Resilience by default. -
End-to-End Observability
Get centralized traces, logs, and metrics for every request across all models and providers, making debugging, performance tuning, and cost attribution straightforward.
See every token. -
Task-Level Abstractions
Express work as tasks—chat, generation, extraction, tools—and let LLM.API pick the right model and configuration, so you ship features instead of juggling parameters.
Code to tasks, not models. -
High-Throughput Batch APIs
Submit massive job batches through a single endpoint with built-in concurrency control, retries, and progress tracking, maximizing throughput while protecting upstream systems.
Scale jobs, not scripts.
Decision guide
When to Use — When NOT to Use
Use it if...
- You need high-quality semantic embeddings for search, clustering, or retrieval over large corpora.
- You need strong multilingual text understanding across many languages in a single model.
- You need embeddings well-optimized for retrieval-augmented generation with OpenAI chat models.
- Your use case involves semantic deduplication, near-duplicate detection, or content similarity scoring.
- Your use case involves recommendation or ranking systems based on textual semantic similarity.
- You need compact numeric representations of text for downstream ML models or classifiers.
Avoid if...
- You need a model that directly generates text, code, or natural language responses.
- Your workload requires image, audio, or multimodal embeddings rather than pure text embeddings.
- You need on-device or fully offline embeddings without relying on external APIs.

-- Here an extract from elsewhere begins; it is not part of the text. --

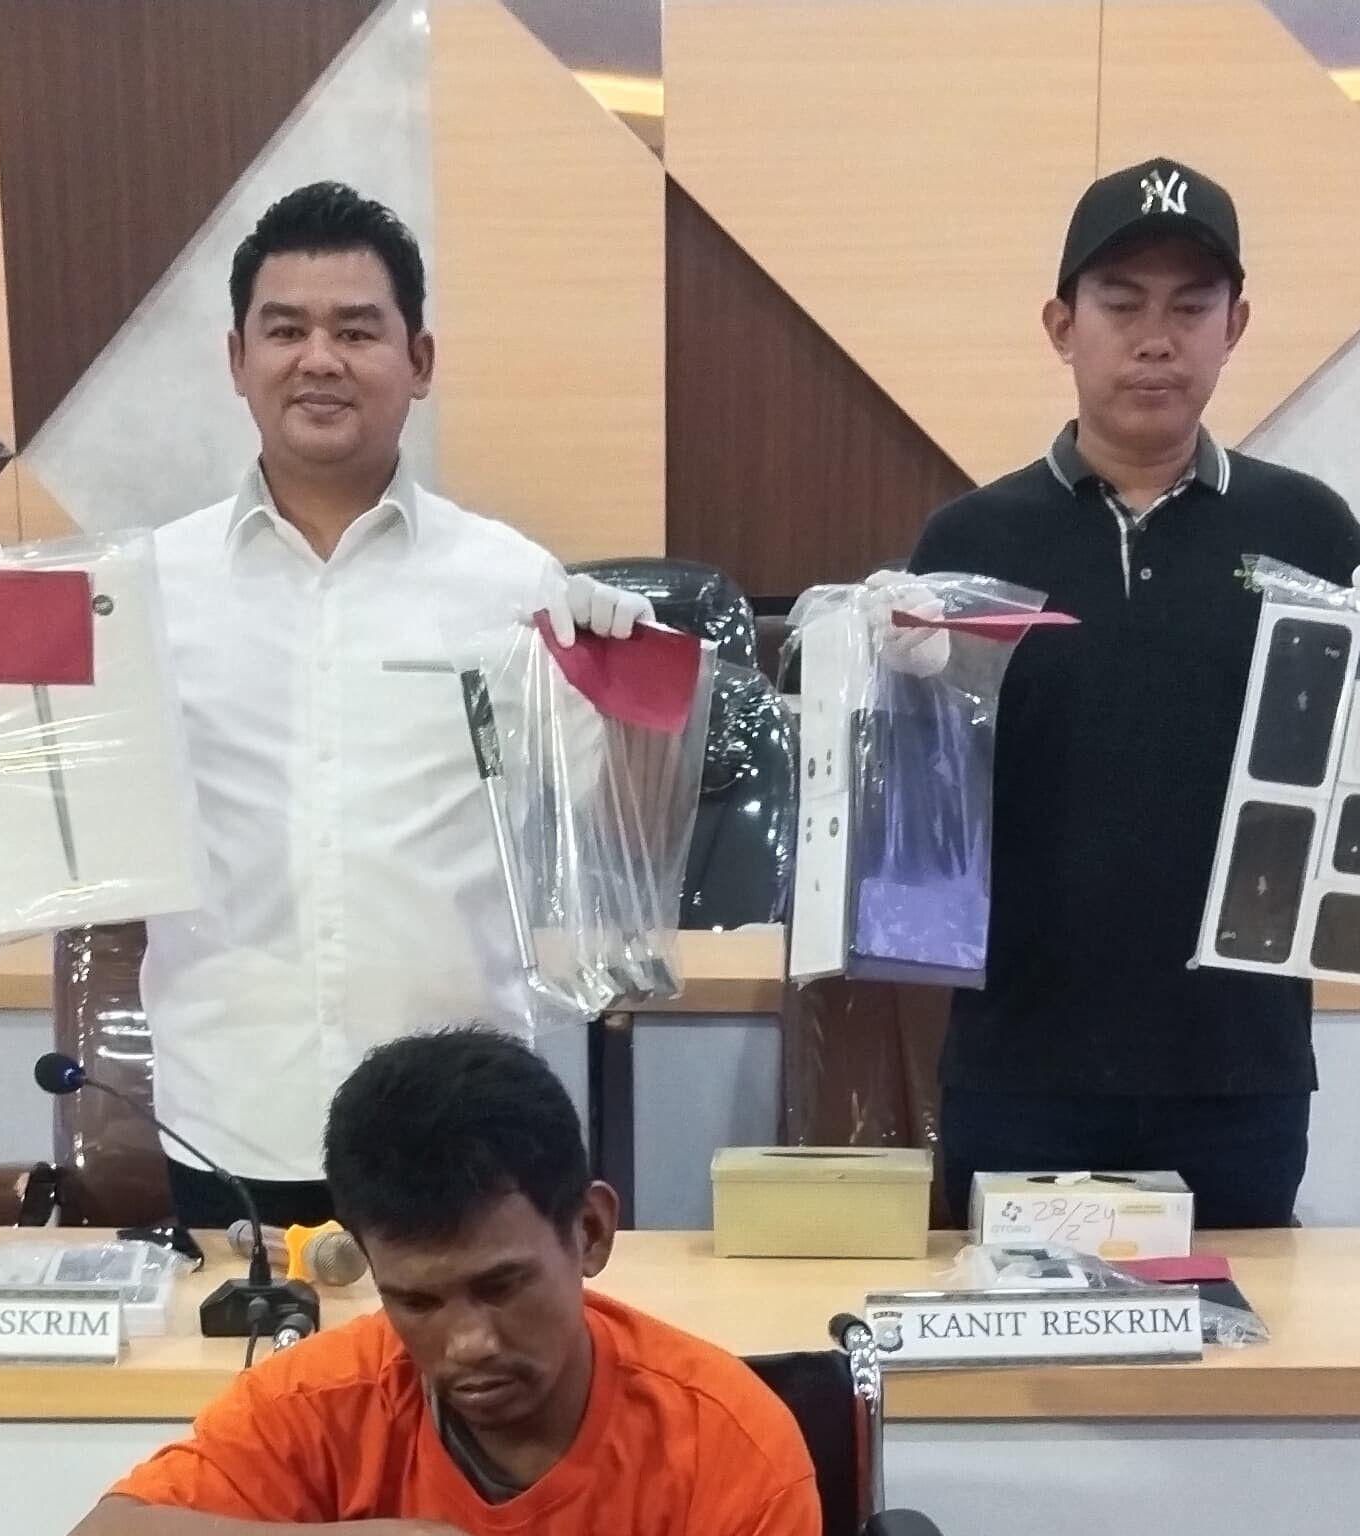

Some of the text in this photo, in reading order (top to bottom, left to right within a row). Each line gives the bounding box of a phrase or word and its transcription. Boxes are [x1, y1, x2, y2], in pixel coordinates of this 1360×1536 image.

[1140, 169, 1189, 215] NY
[917, 1308, 1192, 1339] KANIT RESKRIM

- Your workload requires real-time per-token streaming responses instead of whole-vector outputs.
- You need controllable text generation, reasoning, or tool use rather than representation learning.
- Your workload requires extremely small embeddings tailored for ultra-low-latency edge deployments.
FAQ
Frequently Asked Questions
-
What is Text Embedding 3 Large?
Text Embedding 3 Large is an OpenAI text-only embedding model optimized for high-quality, dense vector representations of longer texts.
-
What is Text Embedding 3 Large best suited for?

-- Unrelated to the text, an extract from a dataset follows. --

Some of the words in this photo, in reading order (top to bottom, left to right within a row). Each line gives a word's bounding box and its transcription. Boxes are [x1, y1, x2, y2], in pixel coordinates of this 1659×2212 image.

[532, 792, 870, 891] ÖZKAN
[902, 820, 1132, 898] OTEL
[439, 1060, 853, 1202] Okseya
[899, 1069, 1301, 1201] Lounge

It is best for high-accuracy semantic search, retrieval-augmented generation, clustering, recommendations, and other tasks needing rich semantic text similarity.
-
What context length does Text Embedding 3 Large support?
Text Embedding 3 Large supports input sequences up to 8,191 tokens in length.
-
What modalities does Text Embedding 3 Large support?
Text Embedding 3 Large supports text input only and outputs numerical embedding vectors.
-
How does the pricing of Text Embedding 3 Large work on LLM.API?
Pricing is typically per 1,000 input tokens, with LLM.API applying OpenAI’s base rates plus any LLM.API-specific fees or discounts.
-
How fast is Text Embedding 3 Large in terms of latency?
Embedding models are generally low-latency, and Text Embedding 3 Large is suitable for real-time or near–real-time semantic search workloads.
-
How do I call Text Embedding 3 Large through LLM.API?
Use LLM.API’s embeddings endpoint, specify provider "openai" and model "text-embedding-3-large," and pass your text inputs in the request body.
-
How does Text Embedding 3 Large compare to Text Embedding 3 Small?
Text Embedding 3 Large offers higher embedding quality and accuracy, while Text Embedding 3 Small is cheaper and faster but slightly less accurate.
-
Does Text Embedding 3 Large support multilingual text?
Yes, Text Embedding 3 Large supports multiple languages, making it suitable for cross-lingual semantic search and similarity tasks.
-
What are the main limitations of Text Embedding 3 Large?
It cannot generate text or process images, may encode training-data biases, and its performance degrades if inputs exceed the token limit.